Since then, I remarried and my current husband introduced me to the world of digital art. This worked out great because we had opened our hearts and our home to a number of long-haired felines who like to get into everything. I could only imagine what a mess it would create if a cat went blundering through my paint pots while I was in the middle of something.
Working on my computer, I can just turn it off when I'm done and not have to worry about having to "cat proof" everything.
I'm very happy with my digital art and photography, but I've often wondered if I could actually still create art with more traditional media - watercolors, oils, pastels.
Earlier this week, one of my Facebook friends Judy Adamson, who is an artist living in Wales, posted a link to one of her old blog posts: Five Simple Steps to Painting in Pastels.

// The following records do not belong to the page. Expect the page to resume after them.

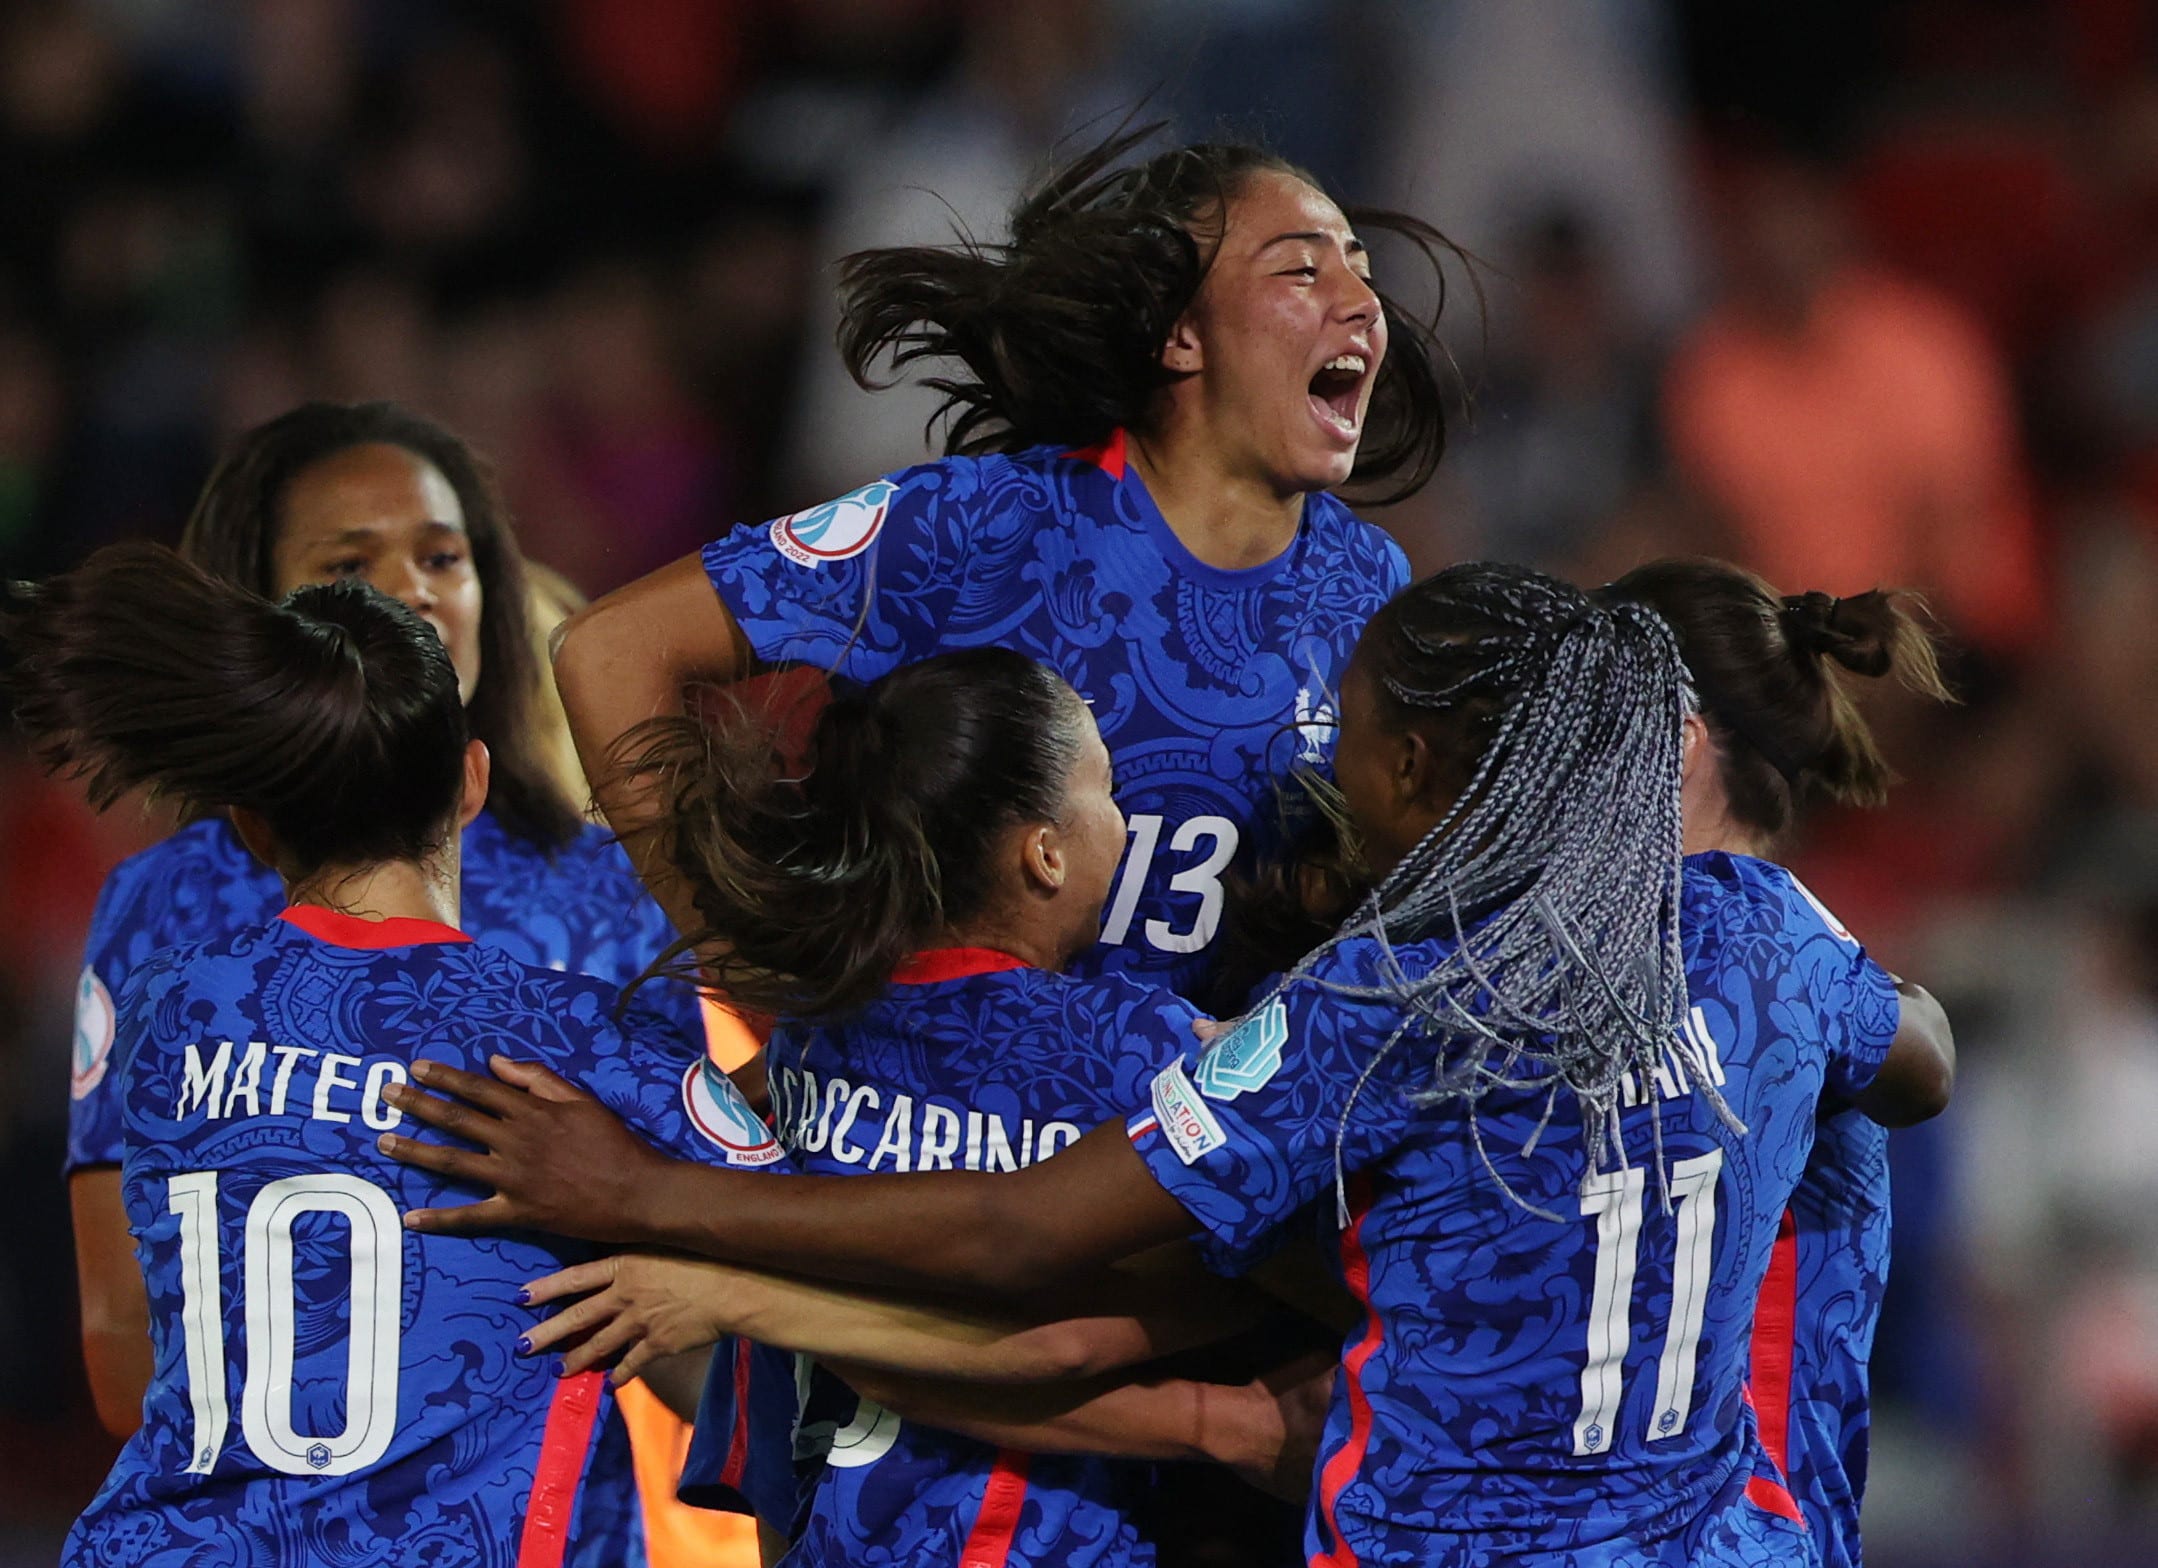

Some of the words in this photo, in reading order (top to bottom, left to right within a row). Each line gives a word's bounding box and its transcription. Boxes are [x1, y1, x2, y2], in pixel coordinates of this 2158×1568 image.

[785, 545, 811, 562] 2022
[1099, 814, 1239, 953] 13
[176, 1041, 408, 1131] MATEO
[735, 1146, 780, 1163] ENGLAND
[168, 1170, 402, 1476] 10
[1572, 1147, 1724, 1456] 11
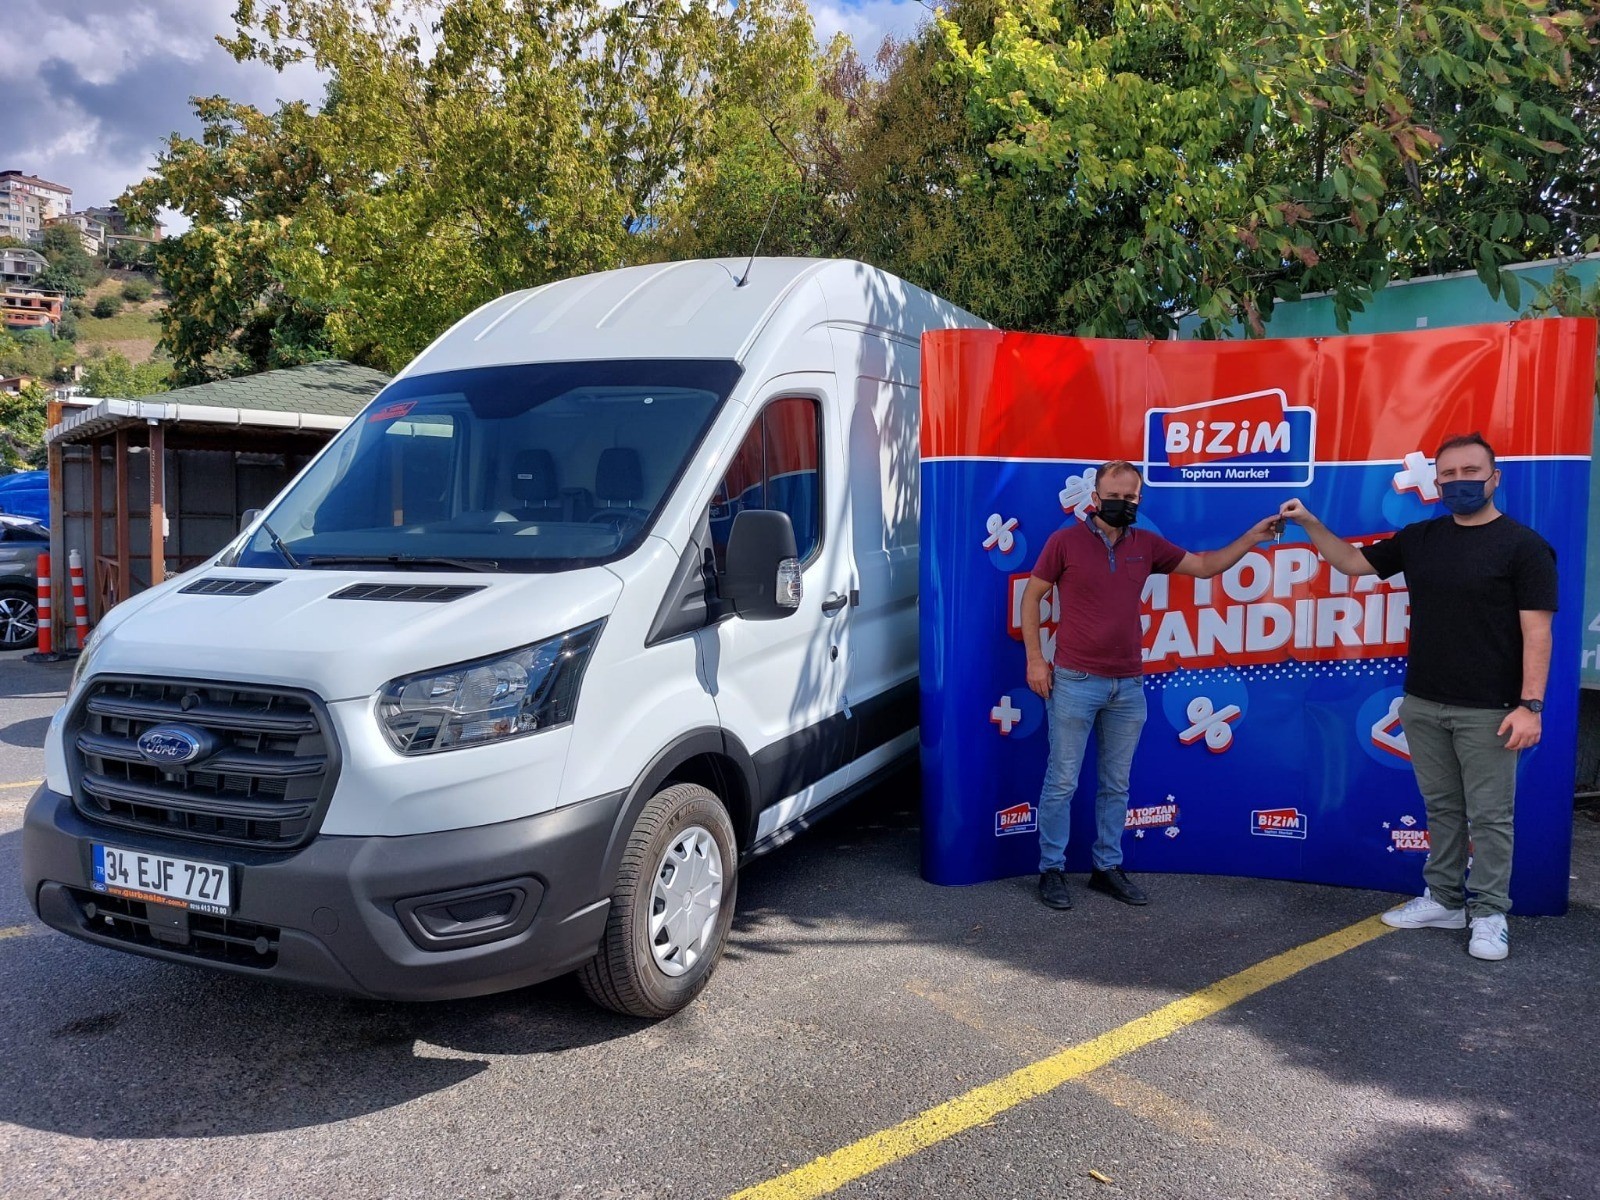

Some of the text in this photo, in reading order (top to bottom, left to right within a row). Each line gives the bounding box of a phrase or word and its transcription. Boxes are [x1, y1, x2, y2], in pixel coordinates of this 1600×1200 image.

I was inspired! It looked like fun and I realized the cats wouldn't be able to knock over any pots of paint or water.
So this morning after breakfast, Eric and I found ourselves in the art department at the local hobby store, perusing their offerings. I quickly picked up a pack of pastels, a pad of pastel paper, a kneaded eraser and some tortillons.
Then I started wondering where on earth I was actually going to do this painting with pastels.
My "studio" is pretty much taken up with my computer, books, binders and assorted other stuff. So where would I put an easel? Would I just paint on the dining room table?
My questions seemed to be answered when I saw this easel. It holds art supplies inside and was of a size that could easily fit on my desk - I would just need to scoot my iMac back a bit when using it.
When it's not being used, it could be stored safely away and could even come on the road if I feel like doing some work "en plein air".
Here's a photo of it setup in my studio. I'll probably have to get some better lighting in there but this is what I have for now.
I spent much of the day putting pastel to paper and had a blast (I didn't realize at the time that I could have set the easel to a lower angle for pastel work - shows you what I know)
The work in progress is shown below.
Not a masterwork by any stretch of the imagination, but hey - I'm still learning what angle to put the easel, so what do you expect? LOL.